* _ABOUT THIS EXERCISE_
Omit the images and retype the records verbatim.

(RECORDS SUPPLIED Opens)

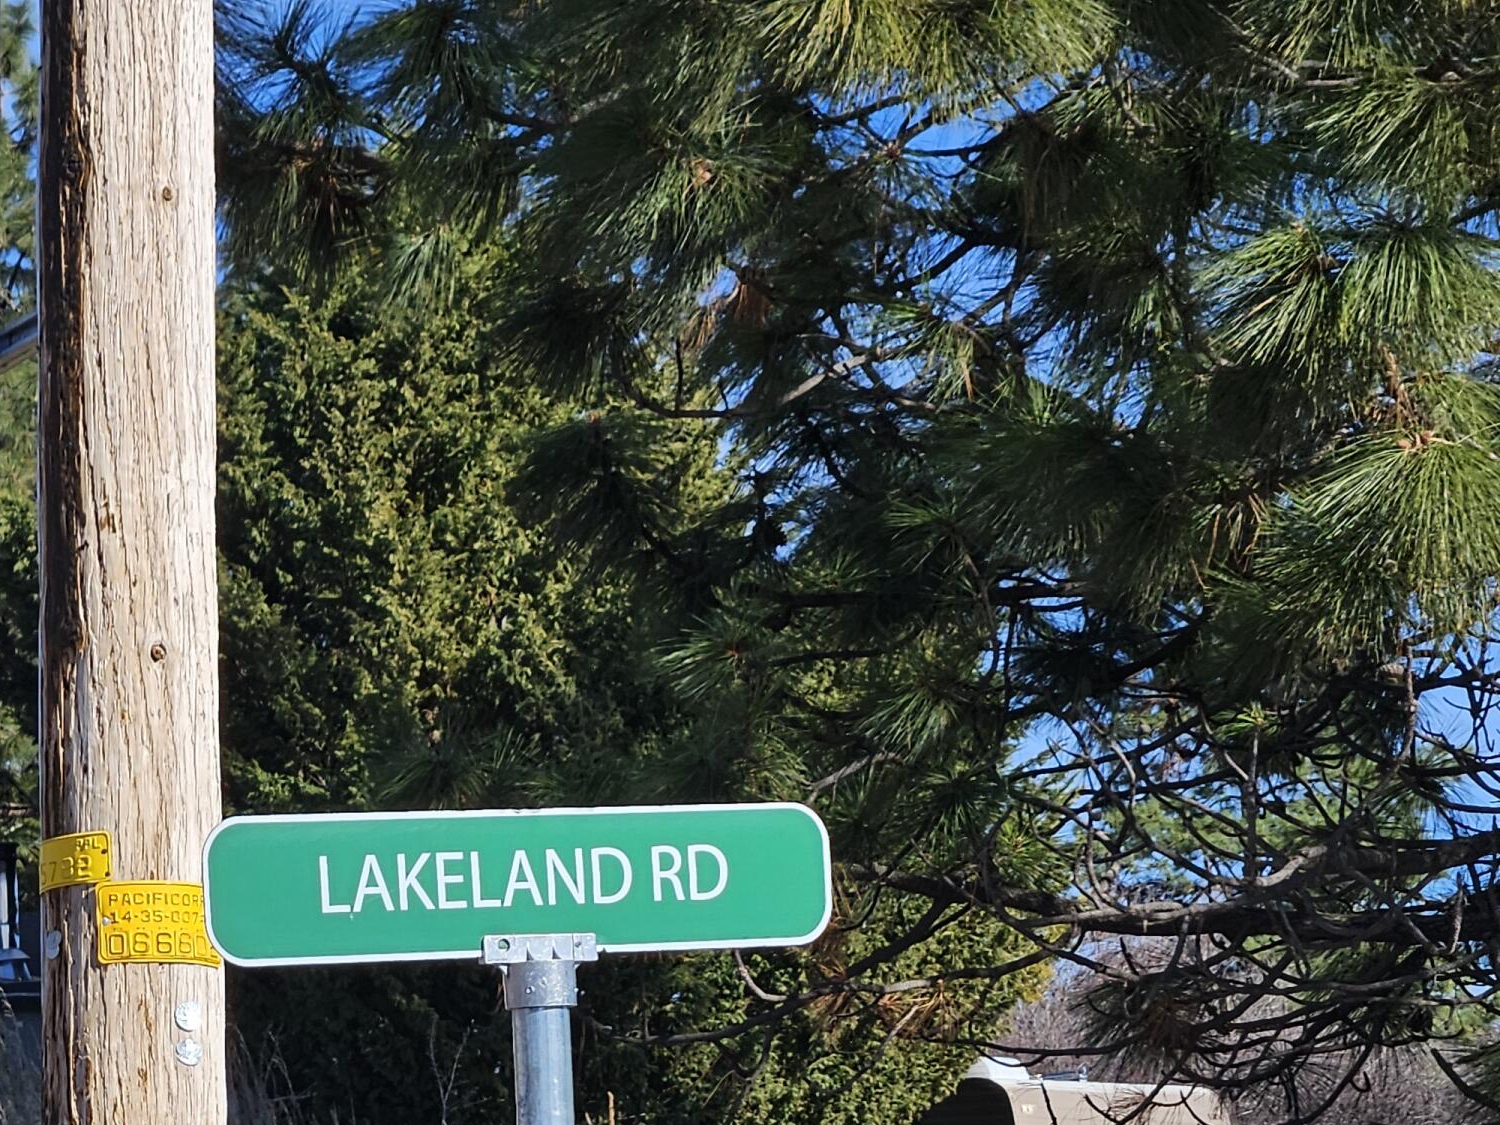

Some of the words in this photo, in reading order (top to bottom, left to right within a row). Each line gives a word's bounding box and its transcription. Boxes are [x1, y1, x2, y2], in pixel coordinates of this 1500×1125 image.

[319, 845, 633, 914] LAKELAND
[651, 844, 728, 904] RD
[108, 931, 219, 958] 06660
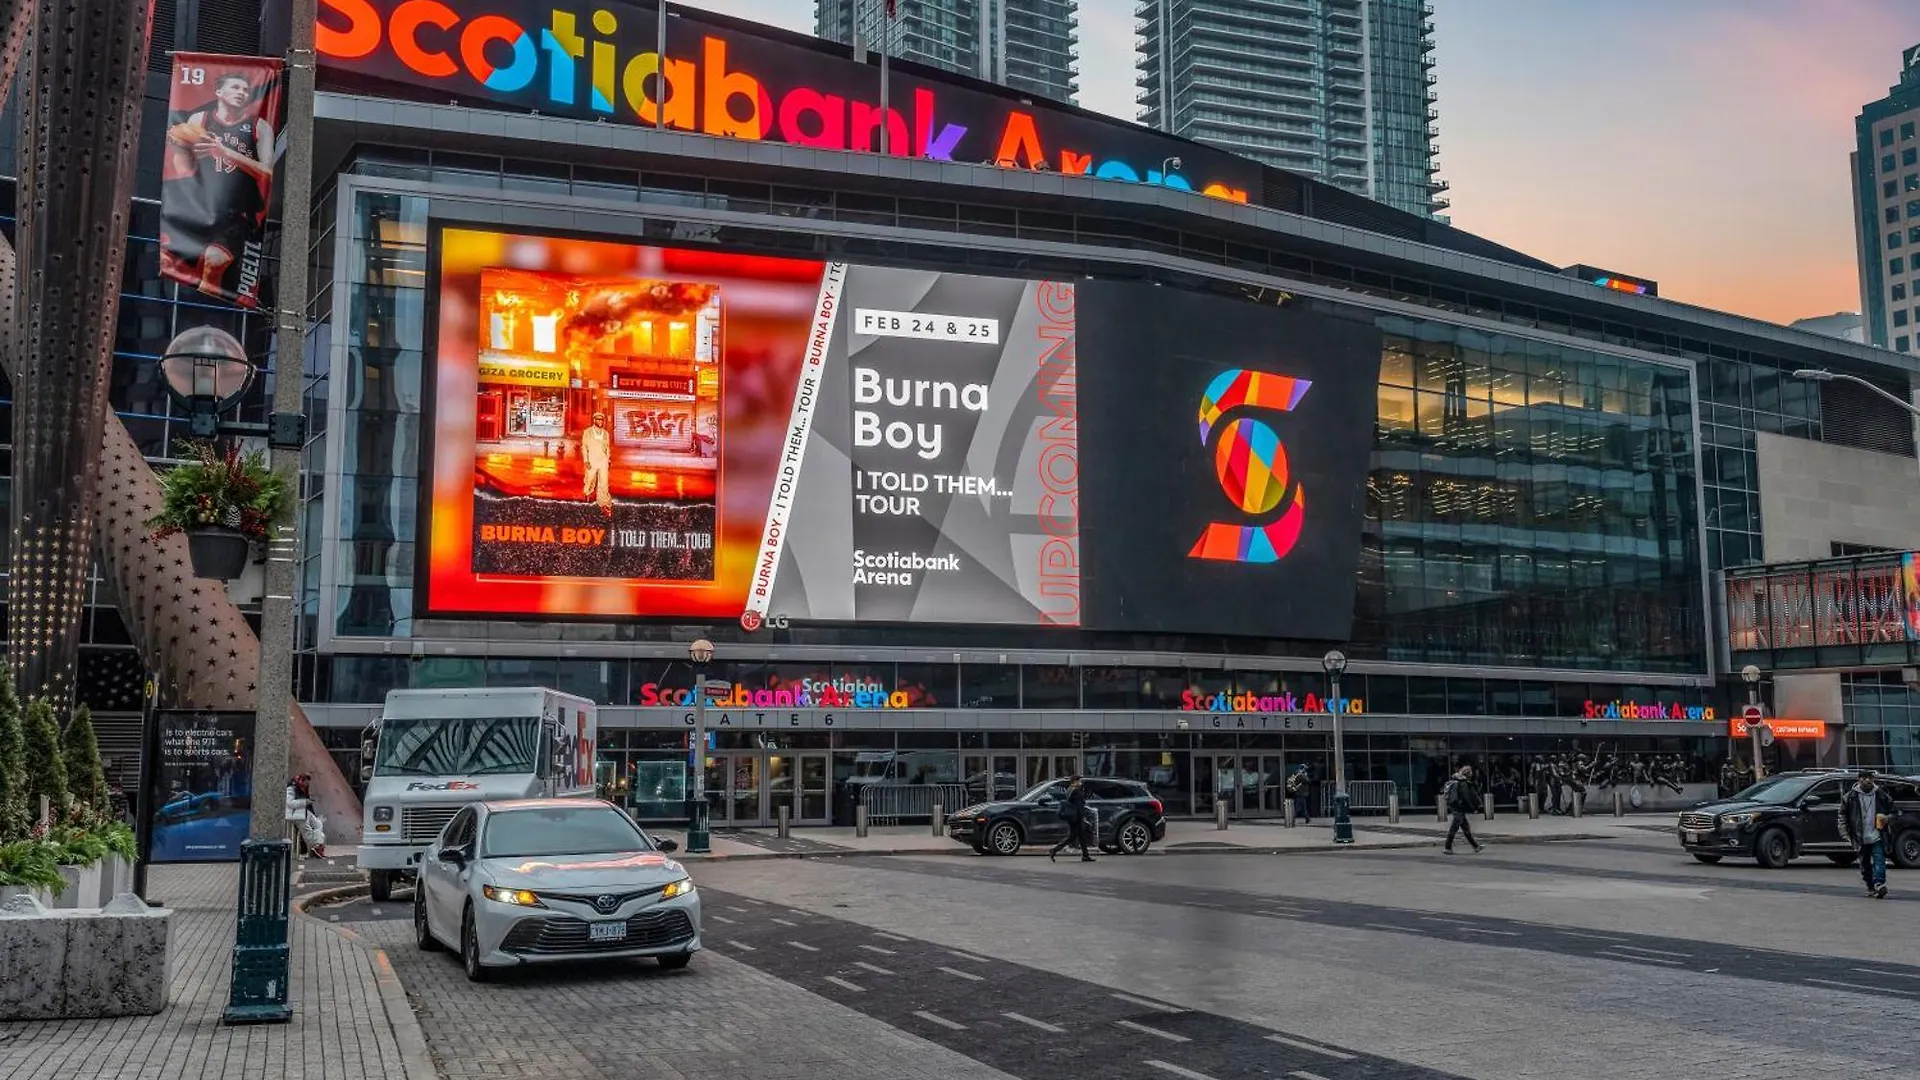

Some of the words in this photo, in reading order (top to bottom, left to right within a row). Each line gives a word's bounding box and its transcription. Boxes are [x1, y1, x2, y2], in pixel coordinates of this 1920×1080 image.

[180, 67, 205, 85] 19
[236, 240, 262, 298] POELTL
[864, 315, 901, 330] FEB
[912, 319, 935, 333] 24
[946, 322, 957, 335] &
[968, 324, 990, 337] 25
[478, 367, 506, 377] GIZA
[509, 369, 564, 381] GROCERY
[854, 366, 989, 411] Burna
[755, 550, 776, 597] BURNA
[767, 518, 782, 548] BOY
[777, 466, 795, 501] TOLD
[798, 377, 816, 413] TOUR
[809, 322, 829, 366] BURNA
[820, 291, 836, 319] BOY
[854, 410, 942, 459] Boy
[1037, 280, 1080, 626] UPCOMING
[856, 470, 862, 489] I
[867, 471, 929, 492] TOLD
[933, 474, 1013, 496] THEM...
[855, 494, 921, 516] TOUR
[480, 525, 556, 544] BURNA
[562, 526, 605, 545] BOY
[619, 529, 646, 548] TOLD
[853, 549, 961, 571] Scotiabank
[852, 568, 913, 586] Arena
[765, 615, 789, 629] LG
[640, 682, 809, 708] Scoabank
[821, 685, 909, 709] Arena
[1182, 688, 1297, 712] Scotiabank
[1303, 692, 1363, 715] Arena
[684, 713, 800, 726] GATE
[824, 713, 834, 726] 6
[1583, 699, 1668, 720] Scotiabank
[1670, 701, 1715, 720] Arena
[1213, 716, 1291, 728] GATE
[1307, 718, 1314, 728] 6
[164, 738, 185, 746] what
[202, 738, 215, 746] 911
[173, 748, 183, 756] to
[406, 781, 481, 792] FedEx

(RECORDS SUPPLIED Closes)

* _OUTPUT_
Some of the words in this photo, in reading order (top to bottom, left to right within a row). Each line gives a word's bounding box and its transcription. Boxes are [x1, y1, x2, y2], in pixel coordinates of this 1500×1125 image.

[319, 845, 633, 914] LAKELAND
[651, 844, 728, 904] RD
[108, 931, 219, 958] 06660

Some of the words in this photo, in reading order (top to bottom, left to right within a row). Each line gives a word's bounding box and its transcription. Boxes are [x1, y1, x2, y2], in pixel coordinates of this 1920×1080 image.

[180, 67, 205, 85] 19
[236, 240, 262, 298] POELTL
[864, 315, 901, 330] FEB
[912, 319, 935, 333] 24
[946, 322, 957, 335] &
[968, 324, 990, 337] 25
[478, 367, 506, 377] GIZA
[509, 369, 564, 381] GROCERY
[854, 366, 989, 411] Burna
[755, 550, 776, 597] BURNA
[767, 518, 782, 548] BOY
[777, 466, 795, 501] TOLD
[798, 377, 816, 413] TOUR
[809, 322, 829, 366] BURNA
[820, 291, 836, 319] BOY
[854, 410, 942, 459] Boy
[1037, 280, 1080, 626] UPCOMING
[856, 470, 862, 489] I
[867, 471, 929, 492] TOLD
[933, 474, 1013, 496] THEM...
[855, 494, 921, 516] TOUR
[480, 525, 556, 544] BURNA
[562, 526, 605, 545] BOY
[619, 529, 646, 548] TOLD
[853, 549, 961, 571] Scotiabank
[852, 568, 913, 586] Arena
[765, 615, 789, 629] LG
[640, 682, 809, 708] Scoabank
[821, 685, 909, 709] Arena
[1182, 688, 1297, 712] Scotiabank
[1303, 692, 1363, 715] Arena
[684, 713, 800, 726] GATE
[824, 713, 834, 726] 6
[1583, 699, 1668, 720] Scotiabank
[1670, 701, 1715, 720] Arena
[1213, 716, 1291, 728] GATE
[1307, 718, 1314, 728] 6
[164, 738, 185, 746] what
[202, 738, 215, 746] 911
[173, 748, 183, 756] to
[406, 781, 481, 792] FedEx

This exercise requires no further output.